Gareth Halfacree 13th March 2017, 13:36 Quote
Quote:
Originally Posted by fix-the-spade
I got the impression from this that TRT were effectively contract trolls, signing a teenage Luckey up to a 'we own your ass,' type contract that was only vaguely legal.
I'm not sure that's fair: they hired Luckey to build a prototype VR headset, he produced a round one prototype, they gave him some feedback, then he disappeared - only to pop up on Kickstarter with a prototype VR headset. Signing an NDA and an agreement that anything you build on the company dime belongs to the company is absolutely normal, and in no way the sign of a 'contract troll.' Hell, Steve Wozniak had to get permission from Hewlett Packard to sell the Apple personal computer, 'cos his contract had the same clause - and he wasn't even working on the thing on company time.

TRT hired Luckey to build a thing, retained rights to the thing, and one-half of TRT believes Luckey then wandered off with the thing and got rich (though the other half seems to think that's either rubbish or simply not provable when you're going up against the might of the Facebook legal department.)

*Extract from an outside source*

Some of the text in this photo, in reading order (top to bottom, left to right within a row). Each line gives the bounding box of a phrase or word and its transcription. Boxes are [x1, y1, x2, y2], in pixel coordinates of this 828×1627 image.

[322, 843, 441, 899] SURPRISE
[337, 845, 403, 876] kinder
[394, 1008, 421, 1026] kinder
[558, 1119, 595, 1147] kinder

But Igra's agreement with Seidl does suggest he sees the lawsuit as TRT's only hope of a big payday (which, now that it's lost the opportunity to be the first to hit the market with a commercialised next-gen VR headset, is probably entirely true.)
edzieba 13th March 2017, 16:02 Quote
Quote:
Originally Posted by Gareth Halfacree
Quote:
Originally Posted by fix-the-spade
I got the impression from this that TRT were effectively contract trolls, signing a teenage Luckey up to a 'we own your ass,' type contract that was only vaguely legal.

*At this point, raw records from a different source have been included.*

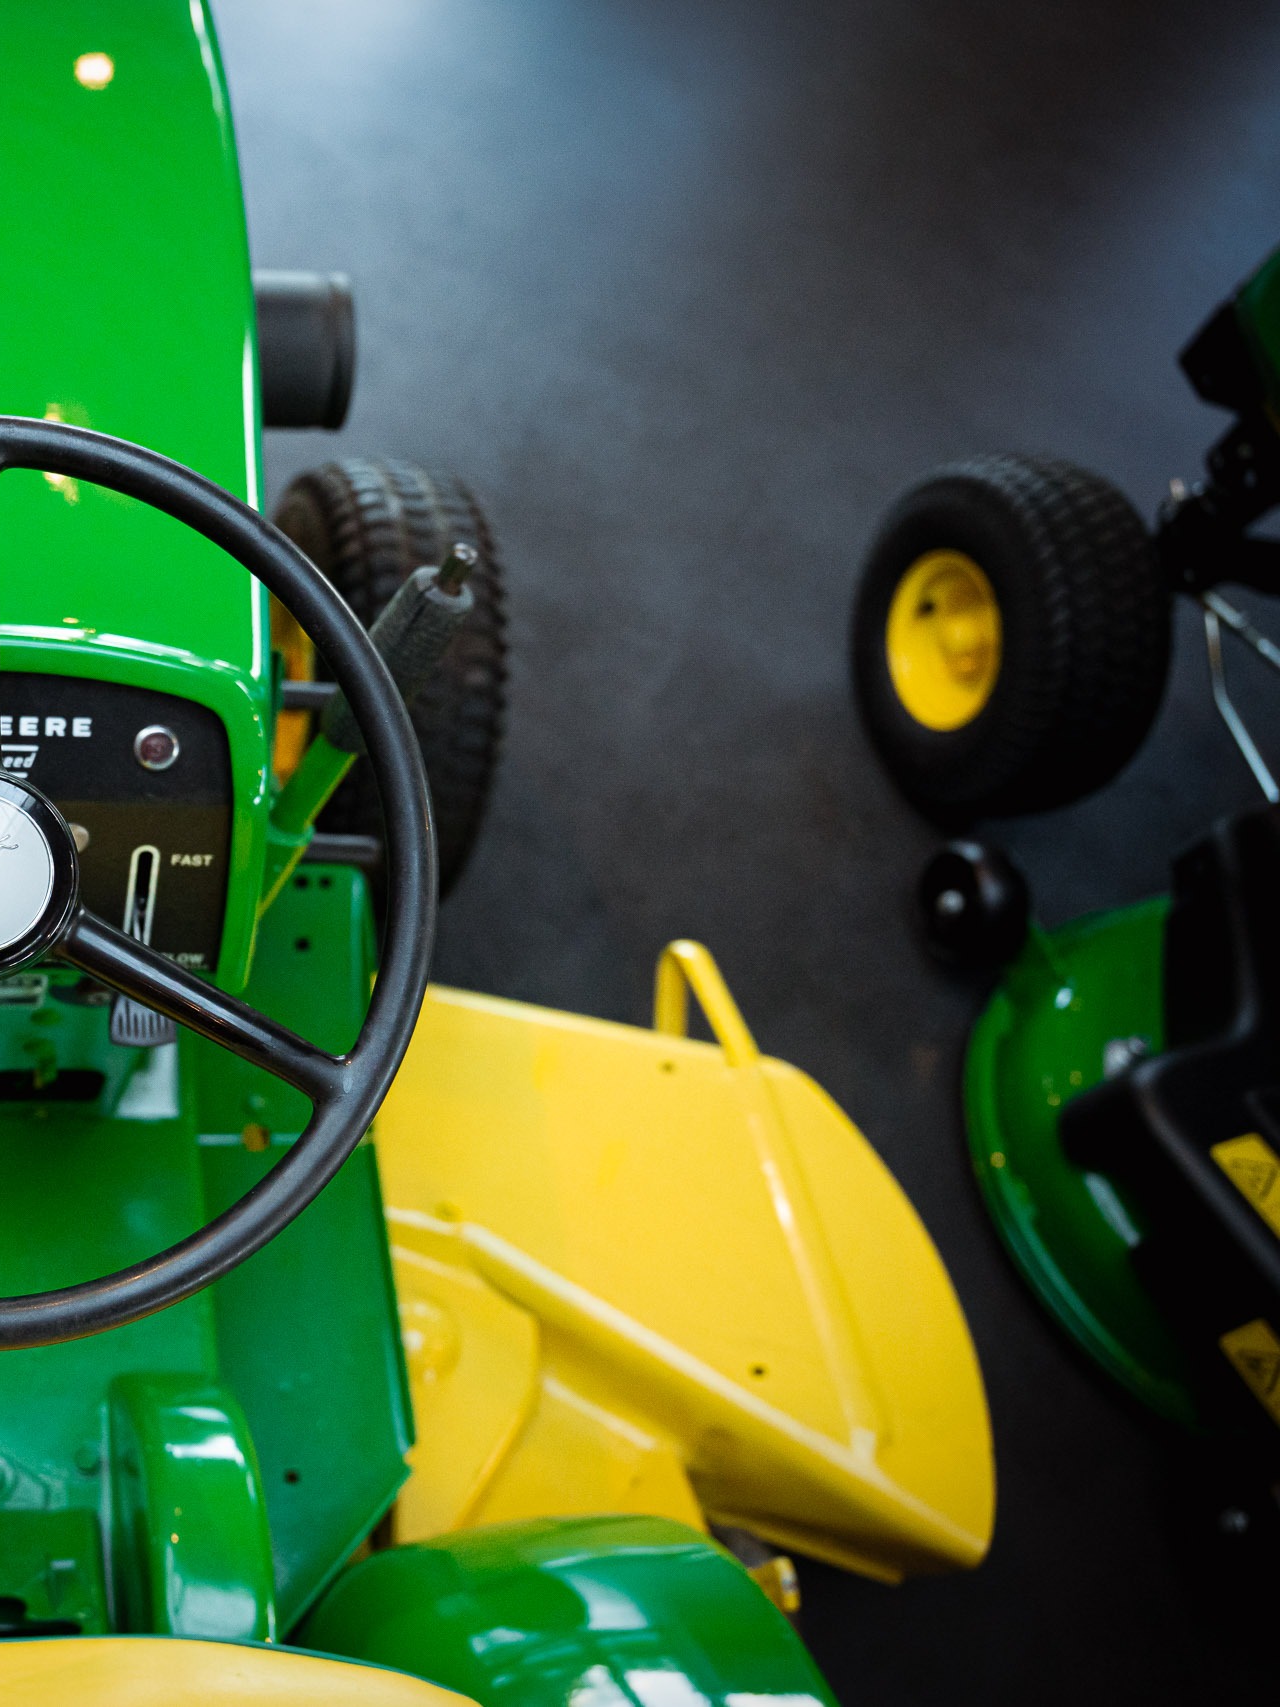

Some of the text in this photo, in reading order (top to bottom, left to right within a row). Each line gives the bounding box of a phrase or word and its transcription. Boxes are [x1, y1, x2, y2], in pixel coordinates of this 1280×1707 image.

[0, 715, 92, 737] EERE
[2, 752, 37, 769] eed
[170, 853, 213, 867] FAST
[161, 952, 205, 965] LOW
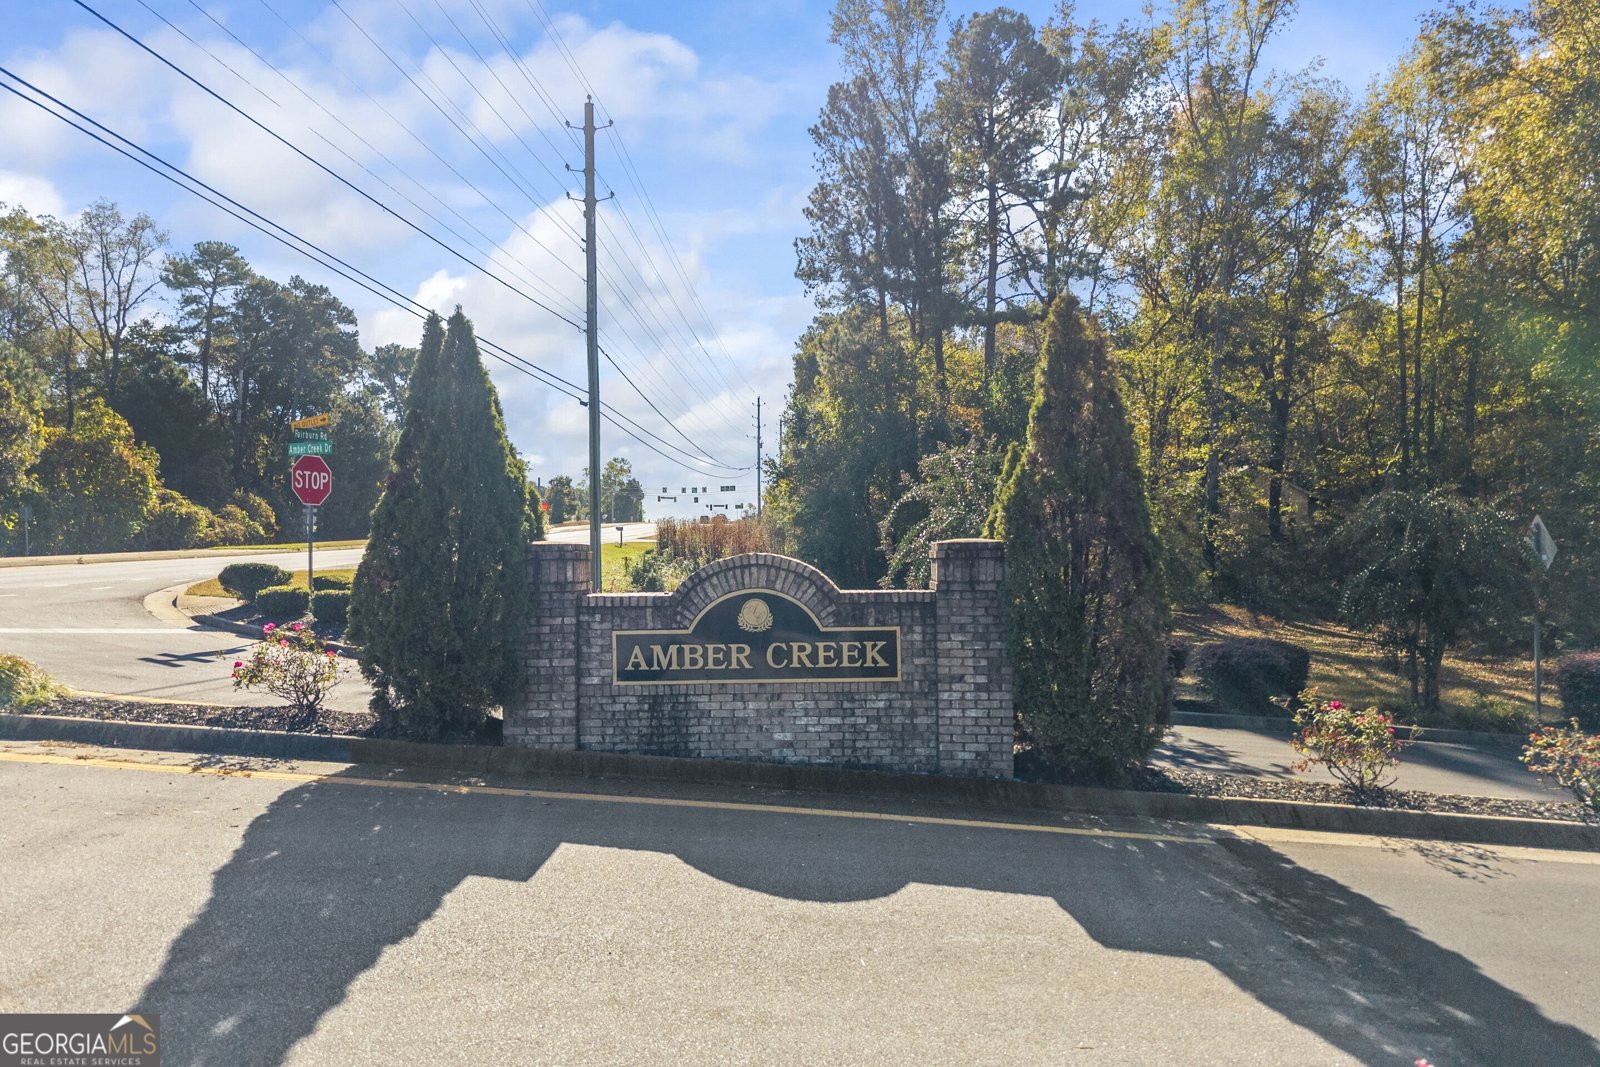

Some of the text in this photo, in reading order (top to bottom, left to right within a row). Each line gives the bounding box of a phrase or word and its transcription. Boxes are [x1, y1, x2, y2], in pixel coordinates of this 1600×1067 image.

[302, 417, 319, 428] OUTLET
[295, 430, 327, 441] Fairburn Rd
[289, 443, 331, 454] Amber Creek Dr
[294, 470, 329, 490] STOP
[625, 641, 890, 671] AMBER CREEK

I'm not sure that's fair: they hired Luckey to build a prototype VR headset, he produced a round one prototype, they gave him some feedback, then he disappeared - only to pop up on Kickstarter with a prototype VR headset.
Not quite: he made a prototype, sent it to them, they sent it back with suggestions for modifications, but then dropped the contract (i.e. no more payments, no demands for the HMD back, etc). This is before the PR prototype series that culminated in the version that was sent to Carmack.

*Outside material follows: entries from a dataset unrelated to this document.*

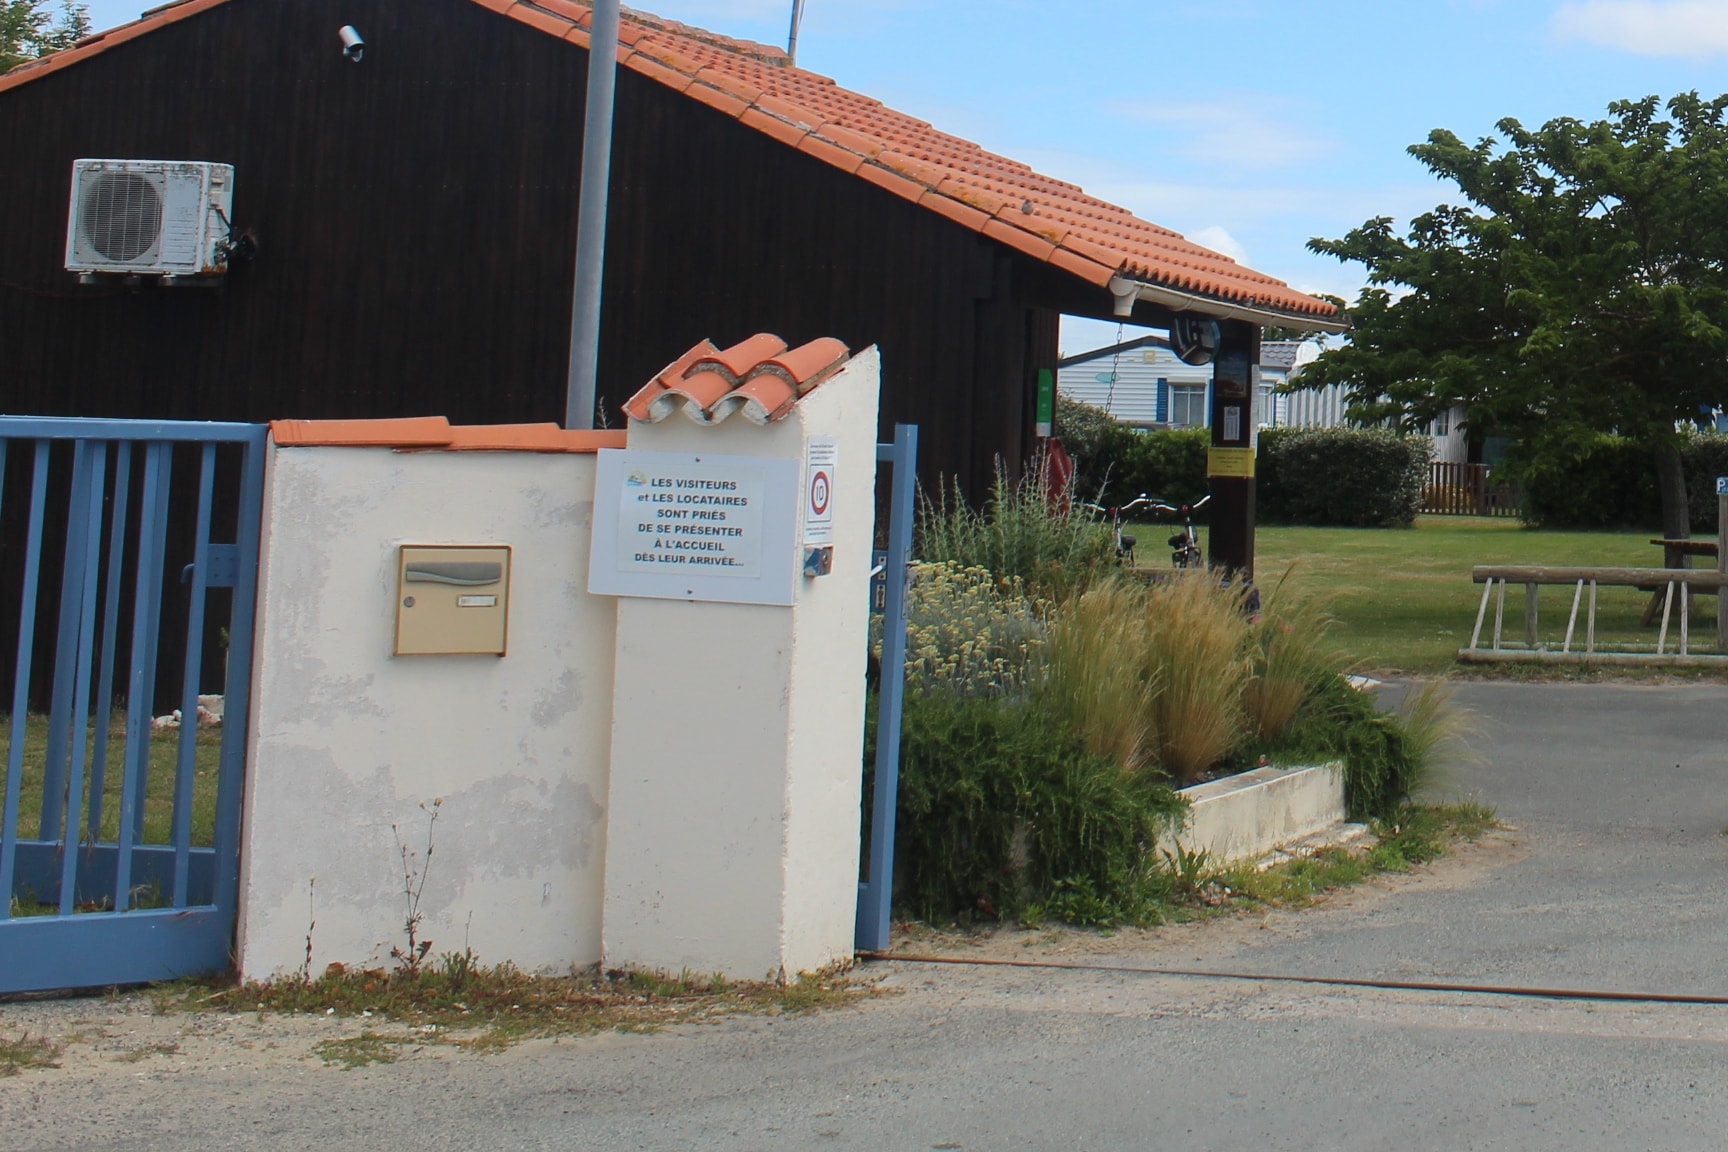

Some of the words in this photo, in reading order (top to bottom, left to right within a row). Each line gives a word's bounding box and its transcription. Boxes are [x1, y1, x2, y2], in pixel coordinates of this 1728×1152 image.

[652, 479, 672, 487] LES
[676, 480, 736, 490] VISITEURS
[1718, 480, 1725, 491] P
[816, 486, 823, 501] 10
[653, 494, 673, 502] LES
[677, 495, 747, 506] LOCATAIRES
[658, 509, 688, 518] SONT
[692, 511, 726, 520] PRIÉS
[638, 524, 653, 532] DE
[657, 525, 671, 533] SE
[675, 524, 743, 536] PRÉSENTER
[655, 538, 662, 548] À
[666, 540, 725, 551] L'ACCUEIL
[658, 555, 686, 563] LEUR

Given the contract had an explicit clause for "if we decide not to go forward, you own it" and they decided not to go forward, it seems pretty cut and dried. Particularly when the partner who was actually interacting with Luckey (Siedl) agrees with Luckey.
Gareth Halfacree 13th March 2017, 16:40 Quote
Quote:
Originally Posted by edzieba
Given the contract had an explicit clause for "if we decide not to go forward, you own it" and they decided not to go forward, it seems pretty cut and dried. Particularly when the partner who was actually interacting with Luckey (Siedl) agrees with Luckey.